__Work instruction__:
Make an exact copy of the records, dropping all pictures.

__Data in this exercise__:

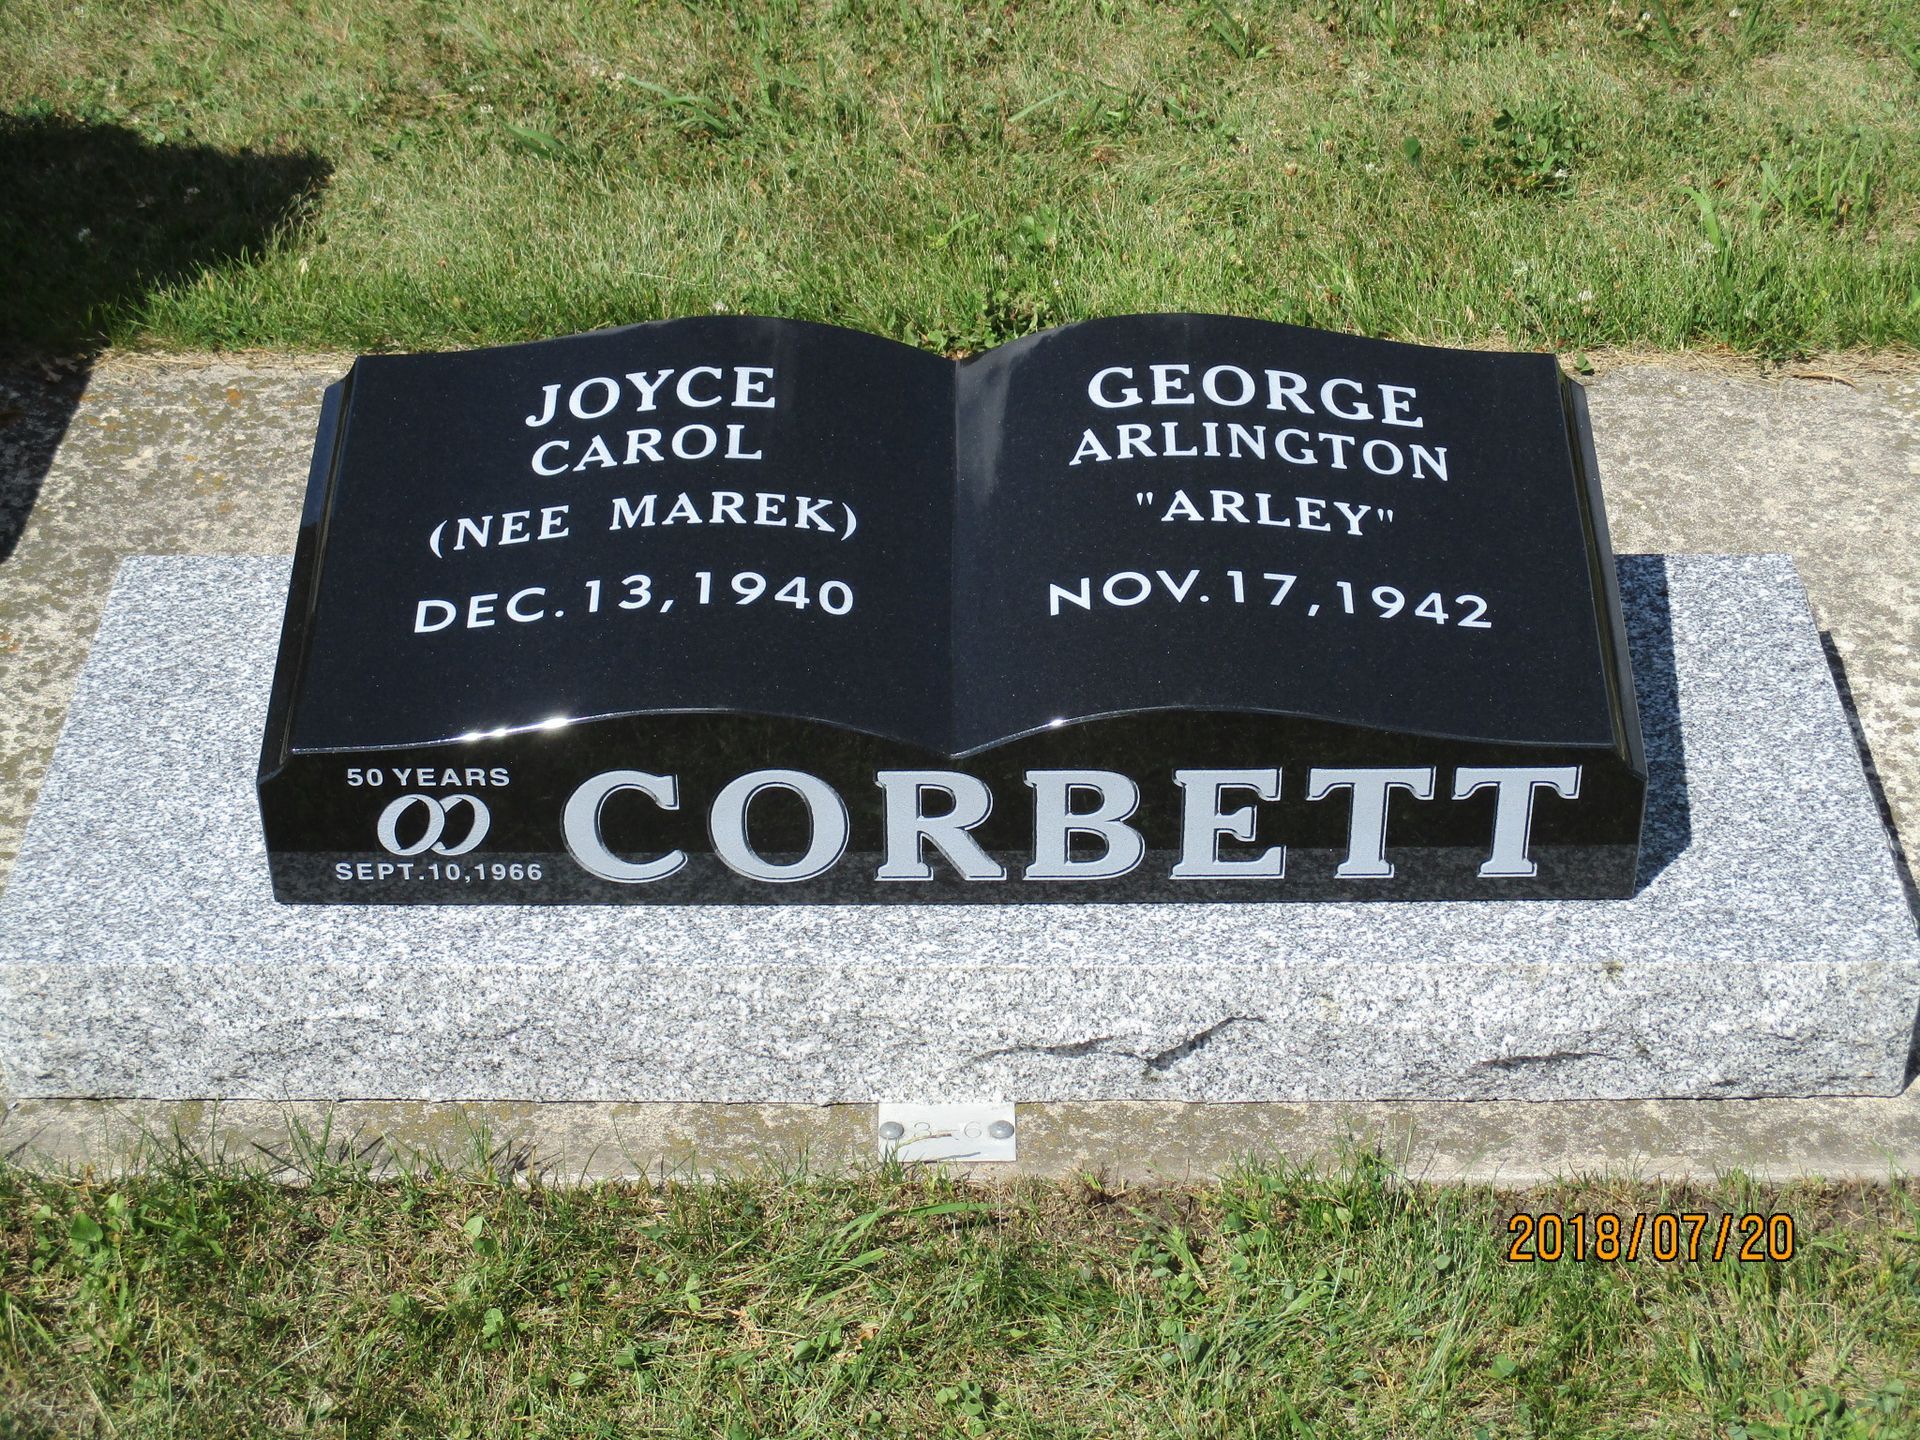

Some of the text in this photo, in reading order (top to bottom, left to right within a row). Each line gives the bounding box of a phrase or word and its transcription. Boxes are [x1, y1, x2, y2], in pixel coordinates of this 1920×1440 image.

[525, 366, 776, 428] JOYCE
[1087, 363, 1424, 428] GEORGE
[531, 423, 762, 476] CAROL
[1068, 421, 1448, 482] ARLINGTON
[429, 491, 857, 559] (NEE MAREK)
[1136, 489, 1394, 536] "ARLEY"
[347, 767, 510, 787] 50 YEARS
[561, 766, 1584, 884] CORBETT

__Result below__:
Some of the text in this photo, in reading order (top to bottom, left to right within a row). Each line gives the bounding box of a phrase or word and its transcription. Boxes are [x1, y1, x2, y2], in pixel coordinates of this 1920×1440 image.

[525, 366, 776, 428] JOYCE
[1087, 363, 1424, 428] GEORGE
[531, 423, 762, 476] CAROL
[1068, 421, 1448, 482] ARLINGTON
[429, 491, 857, 559] (NEE MAREK)
[1136, 489, 1394, 536] "ARLEY"
[347, 767, 510, 787] 50 YEARS
[561, 766, 1584, 884] CORBETT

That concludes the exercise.